Kleberson José Santiago Ramos: For the poor people, the worker, the apps delivery worker, those who worked during this pandemic without any rights, many without money in their pockets, and didn’t get any support from the state, from the government,
Reporter: In 2021, a record 50% of the Brazilian workforce was employed in the informal sector, with no legal contracts, social security, or any stability. 13.2% of workers were unemployed, and from those who were lucky to have a job, about 24% were considered underemployed.
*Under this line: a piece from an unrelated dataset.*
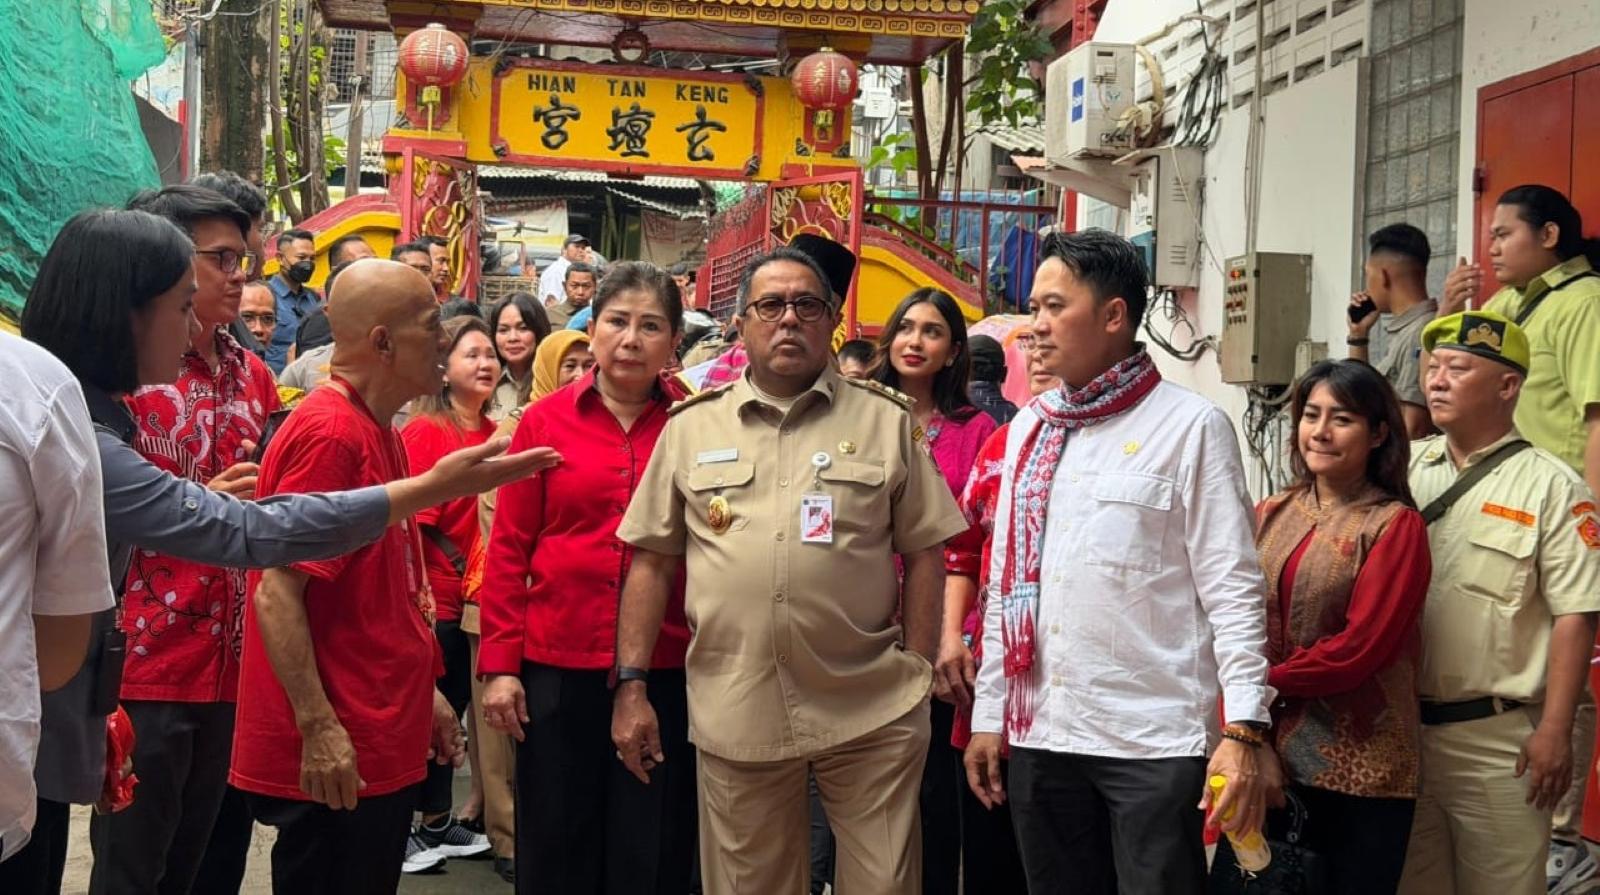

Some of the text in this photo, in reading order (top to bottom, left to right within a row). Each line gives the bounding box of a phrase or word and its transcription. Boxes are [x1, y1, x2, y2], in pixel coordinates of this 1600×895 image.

Margarida B. Dos Santos Ramos: Because today, we who work under informality, we suffer a lot from discrimination. Dealing with this [led to informal] workers from different sectors coming together. We embraced each other to be able to move forward, to demand laws and to demand that we get the same rights as a [formal] worker. Because [for us informal workers] it’s not possible to get those same rights working for a company [like formal workers do]. So, as informal workers, we want to have those rights too. Right to health. Right to a house. Right to education. All the rights.
For example, when an informal worker goes to the streets (to work). When a street vendor goes to work and it rains, or there is a problem, an environmental issue, that day is lost. And in most cases, it’s a day when we need the money urgently. Either to buy some gas, to pay for rent, or to buy food. So, that day for us is lost. And when you get hurt, it is even worse. This is why Lula getting elected was really good for all of us. Because we believe in a better Brazil. And we believe that he will be able to help us, us who work under informality, without rights. We want rights.
Reporter: The last years were mainly marked by the Oust Bolsonaro mobilizations and protests all over the country. These massive protests expressed the discontent of the Brazilian people over the government’s mismanagement of the pandemic, the incapacity to fight inflation, the attacks on the working class, and rampant police brutality against the poor and oppressed. The mobilization of the working class together with oppressed sectors, like Indigenous people and Black people, were a base of support for Lula’s campaign and for the end of the far-right government.
Fabio Bosco: The working class played a very important role. Bolsonaro was defeated because of the working class. If we depend only on the capitalists, Bolsonaro would remain. The electoral defeat of Bolsonaro was very important. It was very positive for the working class. Bolsonaro, starting in January, will be out of the federal government, so he will not be in the same position to carry out his far-right policies.
I think the working class, we face two major challenges now: on the one hand, we have these Bolsonaro groups. Because they are still organized, they suffered a defeat, but they are not over. So, it will be necessary for the working class, the poor, to self-organize, to carry out self-defense, because these (Bolsonaro) organizations are very dangerous. On the other hand, we have to see that Lula’s future administration… What Lula is doing now is building an alliance with the major capitalists in Brazil. The capitalists want to place the burden of the economic crisis on the backs of the working class. So, we can expect more neoliberal policies and reforms against the working people, and we have to stand up and fight back.